Records supplied:
⟨

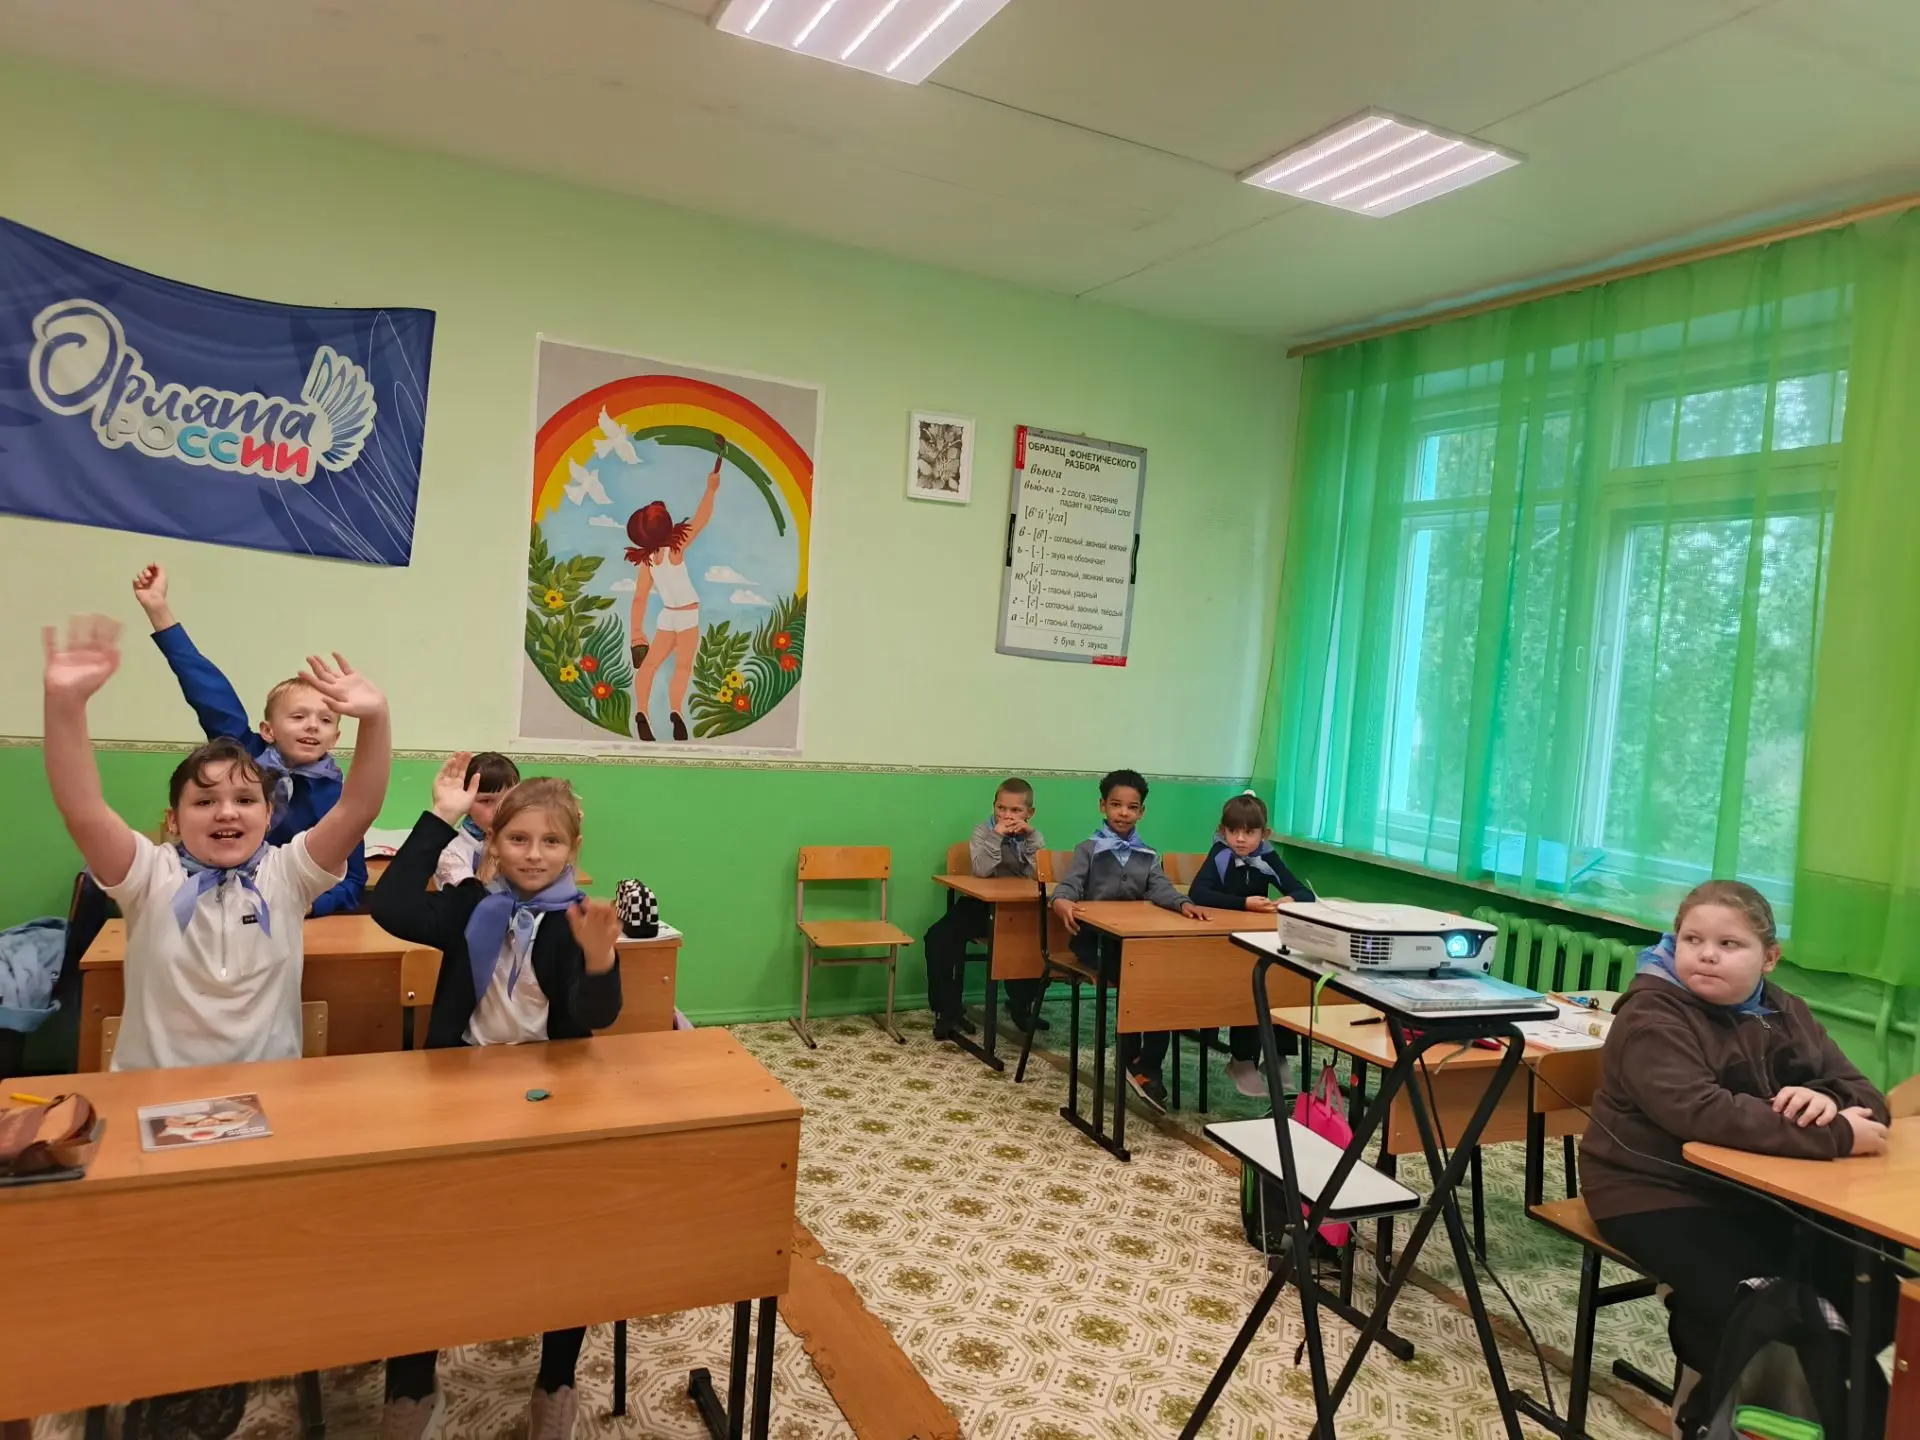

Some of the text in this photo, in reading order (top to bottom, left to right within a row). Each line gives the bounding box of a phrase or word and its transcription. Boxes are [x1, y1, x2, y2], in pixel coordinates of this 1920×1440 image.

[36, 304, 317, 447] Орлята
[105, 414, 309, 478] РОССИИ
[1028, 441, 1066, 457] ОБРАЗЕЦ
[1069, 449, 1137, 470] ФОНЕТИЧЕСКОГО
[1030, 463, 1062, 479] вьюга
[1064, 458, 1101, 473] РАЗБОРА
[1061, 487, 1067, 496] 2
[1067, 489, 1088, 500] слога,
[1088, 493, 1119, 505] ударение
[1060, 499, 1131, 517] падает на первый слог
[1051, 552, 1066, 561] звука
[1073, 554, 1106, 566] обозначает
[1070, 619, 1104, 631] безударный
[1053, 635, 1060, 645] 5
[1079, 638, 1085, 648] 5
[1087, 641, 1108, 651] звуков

⟩

Task to carry out: Restate the entries above word for word, minus the pictures.

Solved problem:
Some of the text in this photo, in reading order (top to bottom, left to right within a row). Each line gives the bounding box of a phrase or word and its transcription. Boxes are [x1, y1, x2, y2], in pixel coordinates of this 1920×1440 image.

[36, 304, 317, 447] Орлята
[105, 414, 309, 478] РОССИИ
[1028, 441, 1066, 457] ОБРАЗЕЦ
[1069, 449, 1137, 470] ФОНЕТИЧЕСКОГО
[1030, 463, 1062, 479] вьюга
[1064, 458, 1101, 473] РАЗБОРА
[1061, 487, 1067, 496] 2
[1067, 489, 1088, 500] слога,
[1088, 493, 1119, 505] ударение
[1060, 499, 1131, 517] падает на первый слог
[1051, 552, 1066, 561] звука
[1073, 554, 1106, 566] обозначает
[1070, 619, 1104, 631] безударный
[1053, 635, 1060, 645] 5
[1079, 638, 1085, 648] 5
[1087, 641, 1108, 651] звуков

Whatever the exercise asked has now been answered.